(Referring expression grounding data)
::::

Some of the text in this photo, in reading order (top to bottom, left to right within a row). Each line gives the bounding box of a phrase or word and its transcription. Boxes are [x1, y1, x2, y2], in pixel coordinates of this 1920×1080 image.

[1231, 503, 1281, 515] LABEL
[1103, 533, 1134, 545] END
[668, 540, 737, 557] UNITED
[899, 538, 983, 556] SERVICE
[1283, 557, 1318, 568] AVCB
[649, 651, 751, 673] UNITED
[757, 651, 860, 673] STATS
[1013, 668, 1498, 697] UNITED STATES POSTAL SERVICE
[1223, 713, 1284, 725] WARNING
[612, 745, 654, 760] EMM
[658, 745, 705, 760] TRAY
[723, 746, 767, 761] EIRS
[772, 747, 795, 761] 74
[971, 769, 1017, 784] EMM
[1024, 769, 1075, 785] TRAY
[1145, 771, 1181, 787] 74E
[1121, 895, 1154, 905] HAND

::::

Give back each line above precisely as it stands.

Solution to the exercise
Some of the text in this photo, in reading order (top to bottom, left to right within a row). Each line gives the bounding box of a phrase or word and its transcription. Boxes are [x1, y1, x2, y2], in pixel coordinates of this 1920×1080 image.

[1231, 503, 1281, 515] LABEL
[1103, 533, 1134, 545] END
[668, 540, 737, 557] UNITED
[899, 538, 983, 556] SERVICE
[1283, 557, 1318, 568] AVCB
[649, 651, 751, 673] UNITED
[757, 651, 860, 673] STATS
[1013, 668, 1498, 697] UNITED STATES POSTAL SERVICE
[1223, 713, 1284, 725] WARNING
[612, 745, 654, 760] EMM
[658, 745, 705, 760] TRAY
[723, 746, 767, 761] EIRS
[772, 747, 795, 761] 74
[971, 769, 1017, 784] EMM
[1024, 769, 1075, 785] TRAY
[1145, 771, 1181, 787] 74E
[1121, 895, 1154, 905] HAND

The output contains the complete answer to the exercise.